United States District Court, S.D. Georgia, Brunswick Division
LISA GODBEY WOOD, Chief District Judge.
This Court's March 31, 2015 omnibus Order (Dkt. no. 371) denied Defendants' dispositive motions as to most of the claims Plaintiff asserted in its Complaint. In due course, Defendants filed a Motion for Certification Permitting Interlocutory Appeal and for Stay Pending Trial (Dkt. no. 372) on April 15, 2015. Defendants subsequently filed a Motion to Stay the Matter (Dkt. no. 374) pending a ruling in a related insurance coverage matter out of the District of Minnesota. For the reasons stated below, Defendants' Motion for Certification Permitting Interlocutory Appeal (Dkt. no. 372) is DENIED, and Defendants' Motion to Stay the Matter (Dkt. no. 374) is GRANTED.
I. Defendants' Motion for Certification Permitting Interlocutory appeal and for Stay Pending Trial (Dkt. no. 372)
Defendants present three objections to legal conclusions this Court makes in its March 31 Order which they would like to bring before the Court of Appeals before this case proceeds to trial pursuant to 28 U.S.C. § 1292(b).
a. Legal Standard
Under 28 U.S.C. § 1292(b), a district judge may issue an order stating that a question of law discussed in a civil order may be appropriate for an immediate appeal, even when the matter is not otherwise appealable at that time. See 28 U.S.C. § 1292(b). At its discretion, the Court of Appeals may then accept the immediate appeal of that question of law. See id.
To certify interlocutory appeal of an order, the district court must find that three requirements are satisfied: (1) the appeal would involve a "controlling question of law, " (2) there is a "substantial ground for difference of opinion" on this controlling question, and (3) an immediate appeal on the order "may materially advance the ultimate termination of litigation." See id. Materially advancing the termination of the litigation "means that a controlling legal question would serve to avoid a trial or otherwise substantially shorten the litigation." McFarlin v. Conseco Servs., LLC, 381 F.3d 1251, 1259 (11th Cir. 2004)
The burden of persuading the district court (and, ultimately, the Court of Appeals) that interlocutory appeal is appropriate rests on the petitioning party. See McFarlin, 381 F.3d at 1264. "Section 1292 is intended to be used sparingly and only in exceptional cases where a speedy appeal would avoid protracted litigation." United States ex rel Powell v. Am. InterContinental Univ., Inc., 756 F.Supp.2d 1374, 1378 (N.D.Ga. 2010).
b.
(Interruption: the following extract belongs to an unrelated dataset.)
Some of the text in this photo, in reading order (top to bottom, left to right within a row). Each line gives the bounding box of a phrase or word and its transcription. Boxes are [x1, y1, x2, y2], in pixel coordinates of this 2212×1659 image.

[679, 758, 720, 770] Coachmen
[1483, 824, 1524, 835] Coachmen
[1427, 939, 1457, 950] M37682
Defendants' Three "Controlling Questions of Law"
Defendants have presented three questions of law which they argue are appropriate for interlocutory appeal:
1. Whether, under the Georgia Trade Secrets Act, O.C.G.A. § 10-1-760, et seq. ("GTSA"), ownership of an alleged trade secret is required to confer upon the plaintiff standing to sue for misappropriation of that trade secret or whether mere possession (including, but not necessarily limited to, knowledge) of the alleged trade secret is sufficient, an unsettled question under Georgia Law.
2. Whether, under Georgia Law, a plaintiff asserting a claim for misappropriation of a trade secret in the face of a defense of legal reverse engineering demonstrates an issue of material fact fit to be tried where the plaintiff demonstrates "any misappropriation, " or if Georgia law requires that the plaintiff must demonstrate that the defendant used a substantial portion of the plaintiff's trade secret to create an improvement or modification that is "substantially derived" from the plaintiff's trade secret.
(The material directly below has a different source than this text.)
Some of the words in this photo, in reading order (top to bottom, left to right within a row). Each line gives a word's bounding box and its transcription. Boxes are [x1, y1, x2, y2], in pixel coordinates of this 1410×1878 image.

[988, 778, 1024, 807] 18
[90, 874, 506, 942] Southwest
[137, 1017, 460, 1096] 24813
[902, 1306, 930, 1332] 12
3. Whether the GTSA's provision that it supersedes "conflicting tort, restitutionary, and other laws of this state providing civil remedies for misappropriation of a trade secret" preempts Plaintiff's tort and restitutionary claims to the extent that those claims are based upon Defendants' alleged misappropriation of Plaintiff's trade secrets, even where those portions ...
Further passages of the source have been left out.